GENERAL 10 ways to boost your self-confidence
Lack of self-confidence is for awkward teenagers and little girls who hide behind their mother's skirts, right? Wrong - we all suffer confidence slumps from time to time. Ulrike Lemmin-Woolfrey tells you how to overcome them.
1 Make decisions
Making - and sticking to - decisions can give your confidence a massive boost, says life coach Yasemin Demirtas of Effect Coaching Group (www.effect-coaching.com). "One of the important issues I work on is decision-taking, as low confidence inevitably reflects in our ability to take decisions. Making a decision when needed and then sticking with it will not only free you from the burden of being stuck in between, but will also reward you with respect from others."
2 Become an expert
Whatever you do, do it well, says career coach Sandi Sayer (www.best-coaching.co.uk). "Anyone can become an expert at any stage of their career, even if your job is photocopying. Simply learn how to fix the photocopier, know how to get the best resolution on a faded page of text, and file everything in a clear and logical order. It doesn't matter what you do, taking ownership and learning everything there is to know makes you an expert - and gives your ego an enormous boost."
3 Look the part
When you wear clothes that fit right, suit you and that you love, your confidence soars. Experiment: try on all the clothes in your closet and ask yourself how you would feel if you bumped into someone whose confidence and style you admire. If you'd want to run and hide, toss it!
4 Quality over quantity
With clothes and work accessories, stick to the rule ‘spend twice as much, buy half as much', and go for quality over quantity. Find a good cut that flatters your best bits and hides whatever you are shy about. And wear the right underwear: nothing zaps your confidence more than ill-fitting undies!

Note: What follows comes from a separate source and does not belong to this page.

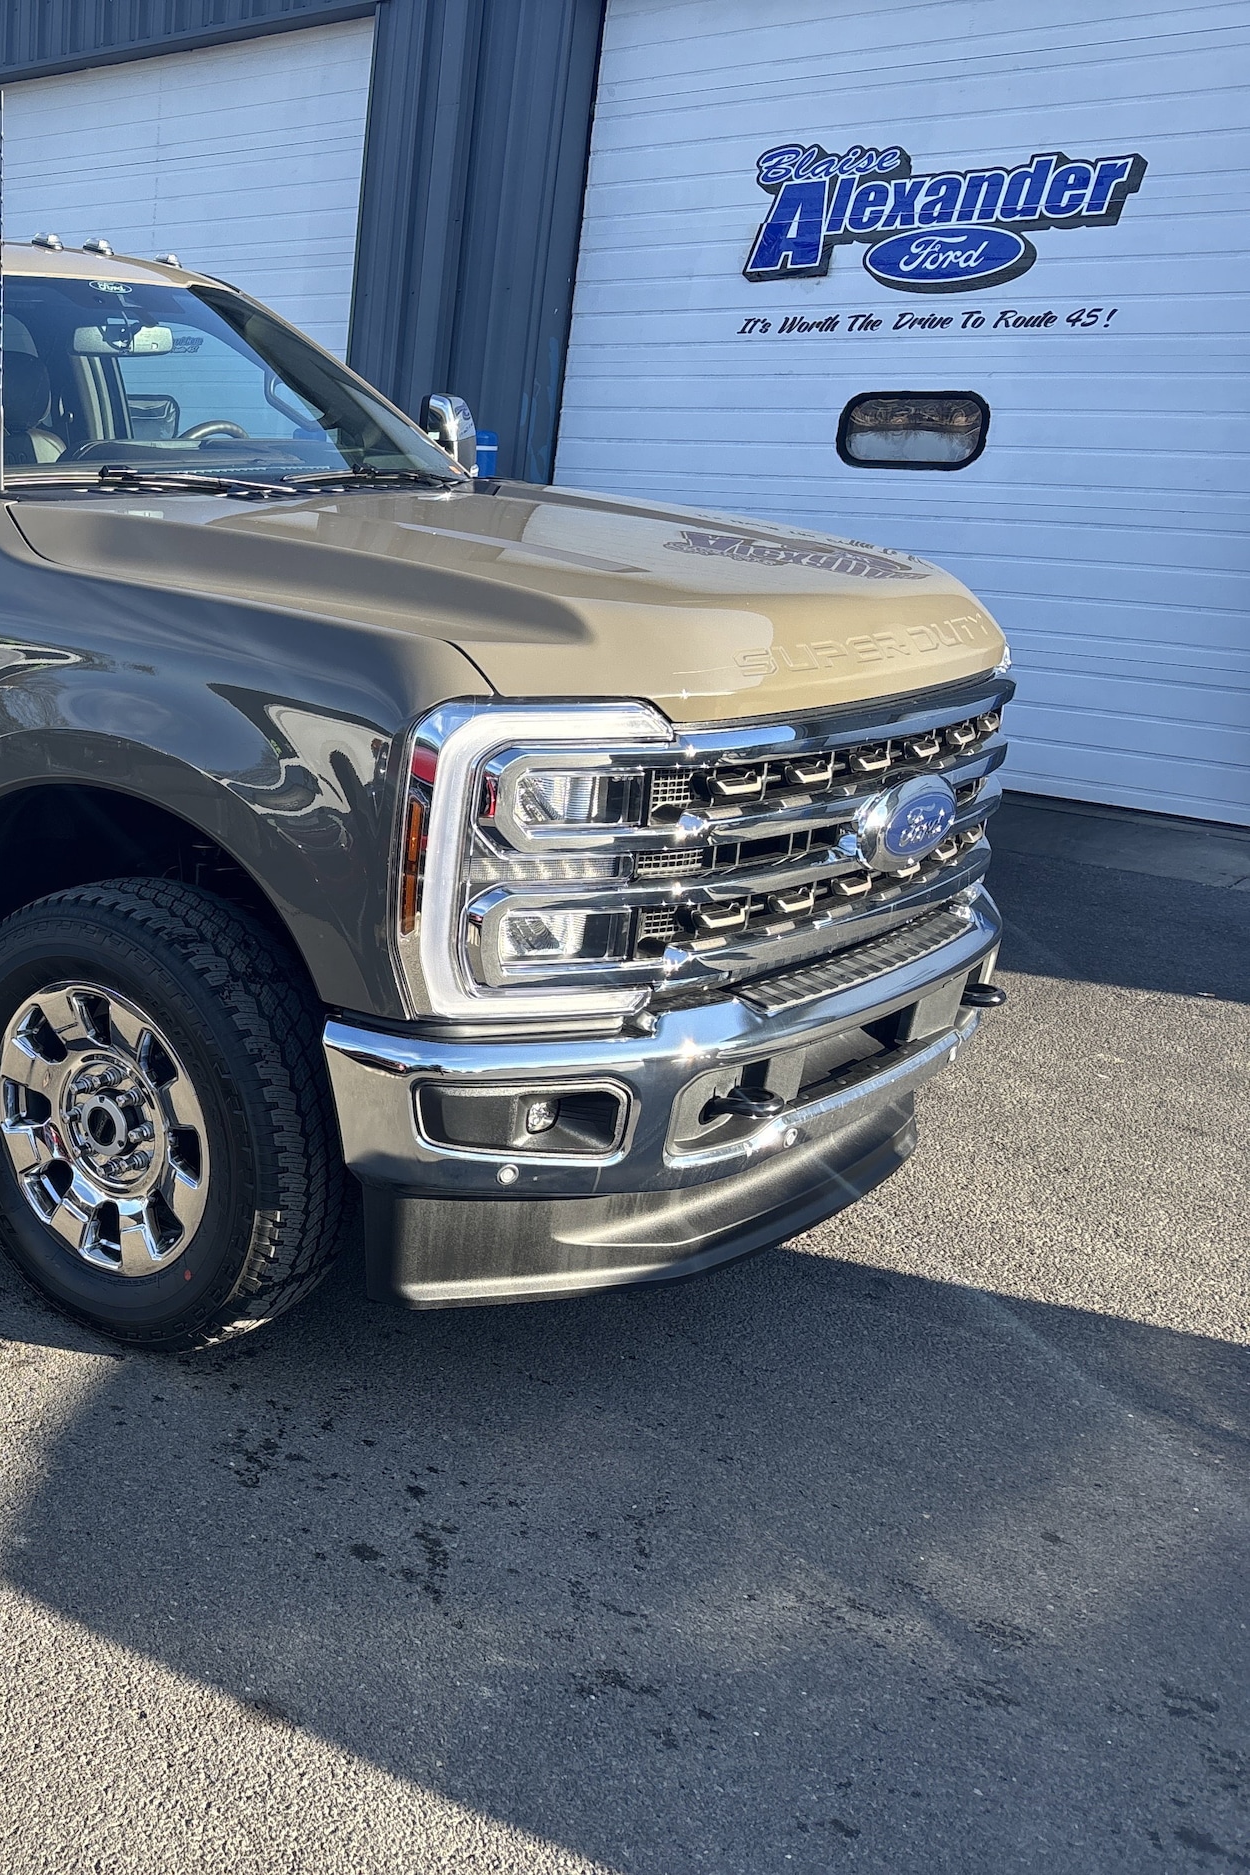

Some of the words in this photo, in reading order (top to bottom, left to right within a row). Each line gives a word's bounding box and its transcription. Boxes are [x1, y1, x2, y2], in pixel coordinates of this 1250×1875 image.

5 Give yourself a pep talk
Instead of concentrating on your flaws, weaknesses and negative sides, concentrate on what you are really good at, says Demirtas. People will value you as much as you value yourself. Stay strong in your opinion and what is important to you, and don't give in easily. Ten times a day, look at yourself in the mirror and tell yourself that you are good. Changing habits comes with practice!
6 Be nice to be around
It doesn't only matter how well you do your job, says Sayer, it is important that your colleagues enjoy being around you too. "I have known many colleagues who are very good at what they do, but nobody wants to work with them because they are unapproachable, negative or not a team player. These individuals may get to a certain point in their career and then plateau. In order to do well, to get ahead and to get what you want, it is always wise to make sure you get on with those around you."
7 Pay it forward
Psychologist Devika Singh of the Dubai Herbal and Treatment Centre (www.dubaihtc.com) says that doing things for other people has a great impact on how you feel about yourself. "Especially random acts of kindness where you reach out to someone when they least expect it, and sometimes need it the most. The neurotransmitters released during helping behaviour has an impact on the brain's supply of ‘happiness chemicals' which can contribute to more positive feelings about yourself," says Singh.
8 Have a Gratitude List
Research in the field of positive psychology has identified gratitude as a critical building block for self-esteem. This doesn't refer simply to fleeting thoughts of gratitude, but a more focused approach to experiencing and expressing gratitude in your life. "A thank you letter to someone can not only boost your self-esteem, it will probably boost theirs too!" says Singh
9 Stand tall
Watch your posture. You can usually pick out a shy person in a crowd by the way their shoulders are turned down and by the way they walk. A self-confident person has a straight back and walks with a purpose, showing the world she has things to do and places to go.
10 Pass it on
Studies show that young girls often have issues with self-confidence and constantly underestimate how well they will perform when faced with a task, whilst boys just charge ahead. Boosting confidence in children is linked to unconditional love and support from parents, but not too much support. As psychotherapist Colette Dowling states in her book The Cinderella Complex (Pocket Books), many parents tend to ‘over help' their daughters in particular, when they should be learning to falter and self-correct, a process fundamental to the development of self-confidence. So if you have a daughter, make sure you let go a little and help her grow.